Teaching

Handling Absent Students and Homework as a High School Teacher

During the summer, one thing all teachers have to think about is what worked well in their classroom last year and what they need to change.  We all learn really quickly that how a classroom is set up can contribute to the success or struggles of your classroom management.  The easier it is for your students to do things on their own, the easier your day-to-day will be.  One thing I got sooooooo tired of was spending way too much time each morning dealing with kids who had been absent.

So thanks to another Pinterest inspiration, a few years ago I made a student center right when you walk in the room.  This put the responsibility for absences and handing in work on the kids.  Only 2 or 3 times a month do one of my 165 students come up to me and say, “I was absent yesterday” to which I respond, “I know, go check the bin.”  Here’s my system, but it’s modified since I had set this up in the entryway of my house.  Normally there would also be a spot for pens/pencils/staplers/etc.  (Here it is set up in my current classroom!)
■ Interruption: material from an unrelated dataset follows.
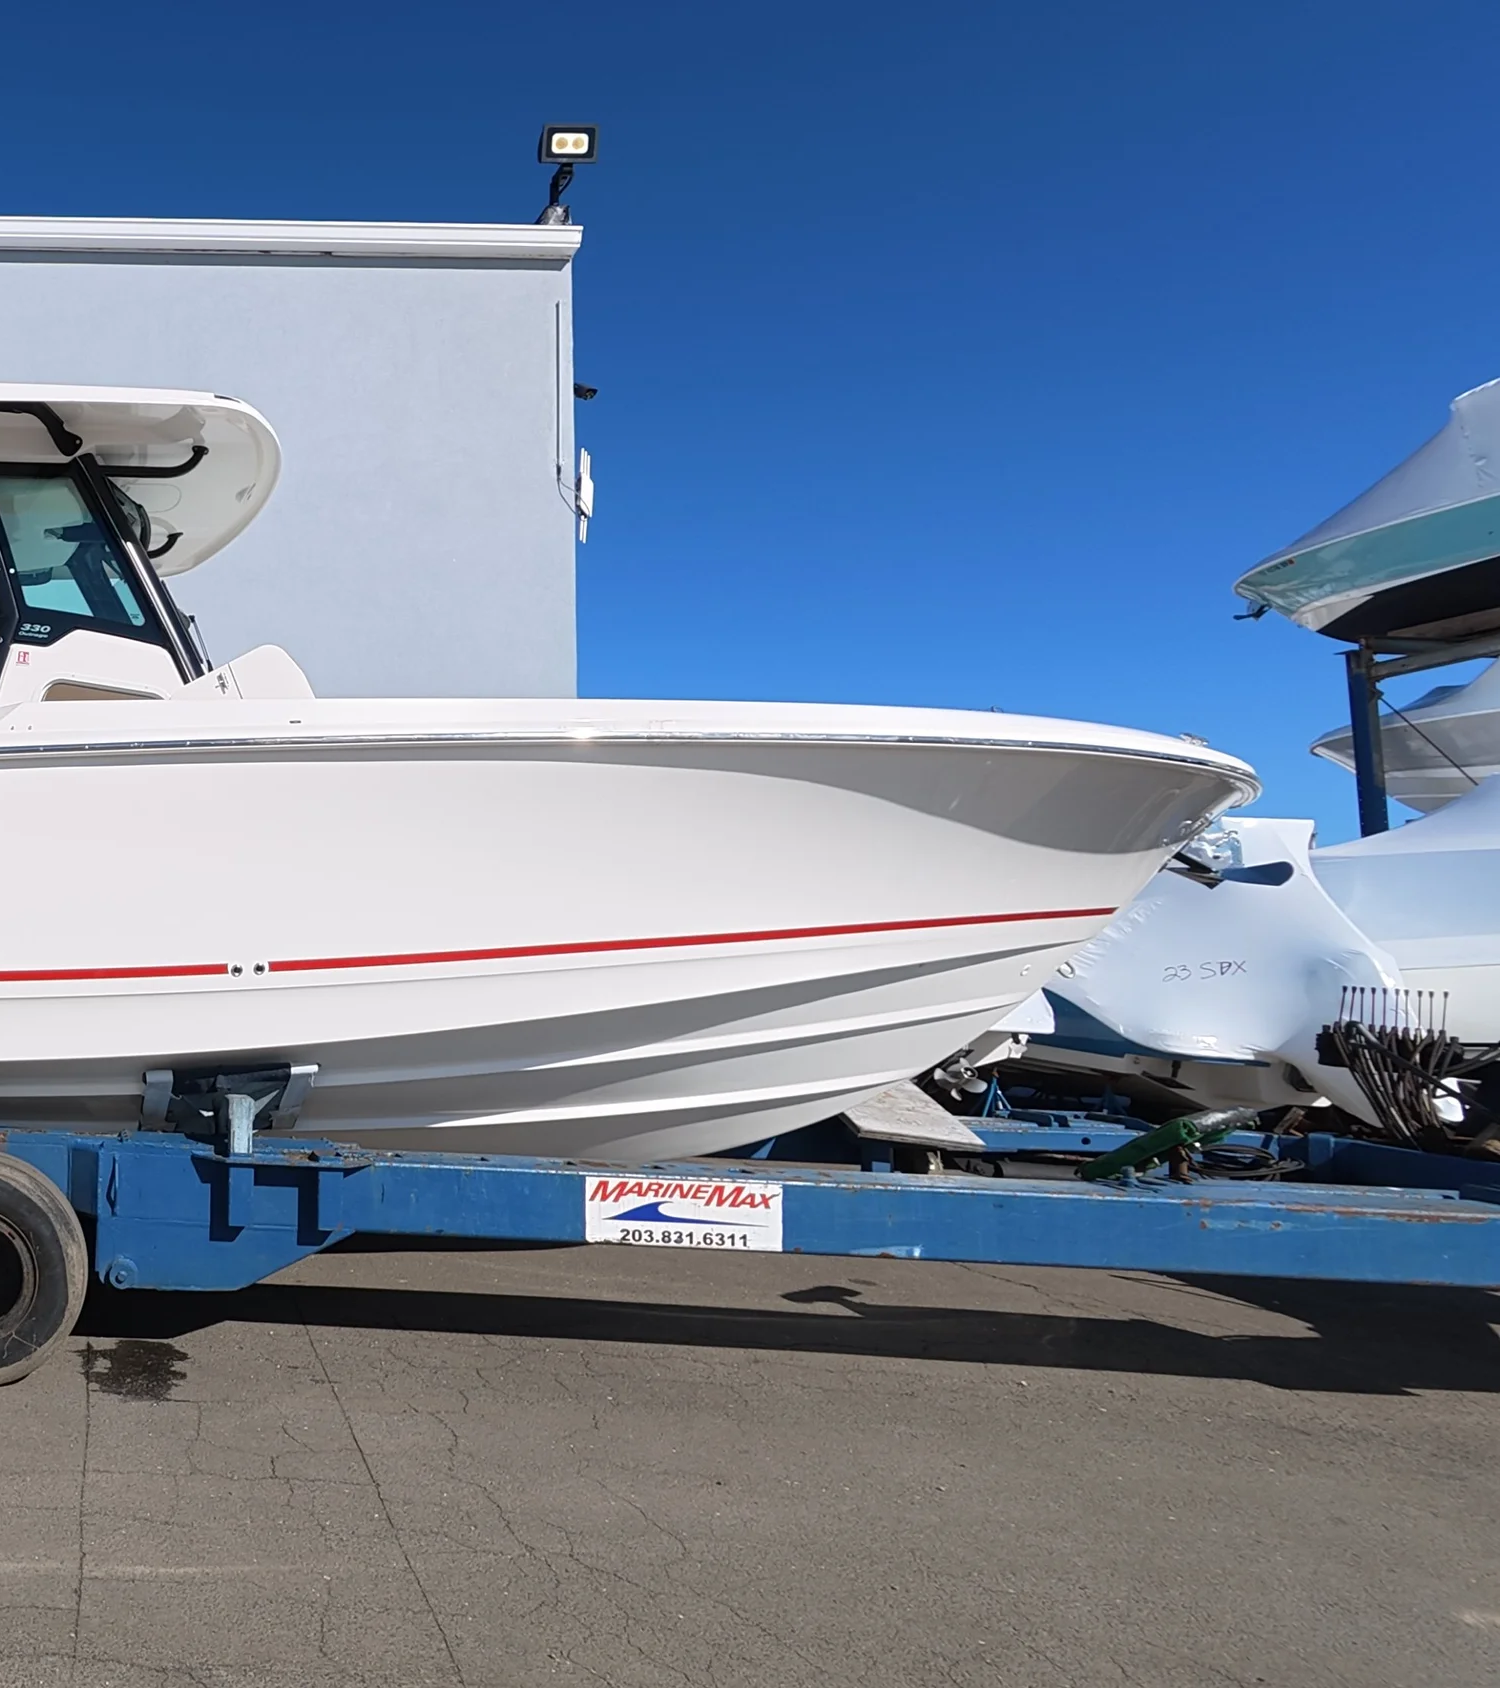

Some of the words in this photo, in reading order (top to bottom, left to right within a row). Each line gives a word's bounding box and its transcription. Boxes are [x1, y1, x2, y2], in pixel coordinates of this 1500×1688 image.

[20, 623, 51, 633] 330
[1162, 964, 1192, 982] 23
[620, 1229, 749, 1247] 203.831.6311
I have 5 groups of students every day.  Each period gets a color coded group of file folders (I have a sign with their class period and coordinating color that stays up all year).  2nd period is blue (I most recently had 1st period prep).  There is a blue Monday, Tuesday, Wednesday, Thursday, and Friday file.  Repeat for my other periods.  Let’s say “Katie” from second period is absent on Monday.  That’s when I hand out their Compare and Contrast the Revolutionary War and French Revolution Graphic Organizer and National Anthems.  I write “Katie” on her handout and put it in the blue Monday file.

Whenever “Katie” comes back to school, she goes to the absent bin, checks the blue files for each day she was out, and takes all the papers with her name on them.  My role in this system is to make sure each assignment gets filed away.  The easiest way for me to do this is after handing the activity out to the kids, I take a paper for each absent kid, write their name on it, and file it in the appropriate color and day of the week.

In terms of getting work turned in and handing it back to students, again, putting most of the responsibility on them is what works best for me.  I have what every year I inevitably call “the black stacky thing” labeled for each period.  Each student is responsible for putting his or her classwork/homework in their period’s slot.  At the end of every day, I put each period’s set of papers in a folder labeled for each period so the papers don’t mixed up, and when it’s time for me to hand back student work I just grab the folder and pass their work back.  I usually hand work back while the kids are doing pairs/group work because it’s an extra opportunity to help a student understand something they were confused about in a one-on-one setting, or to just get that face time with individual students.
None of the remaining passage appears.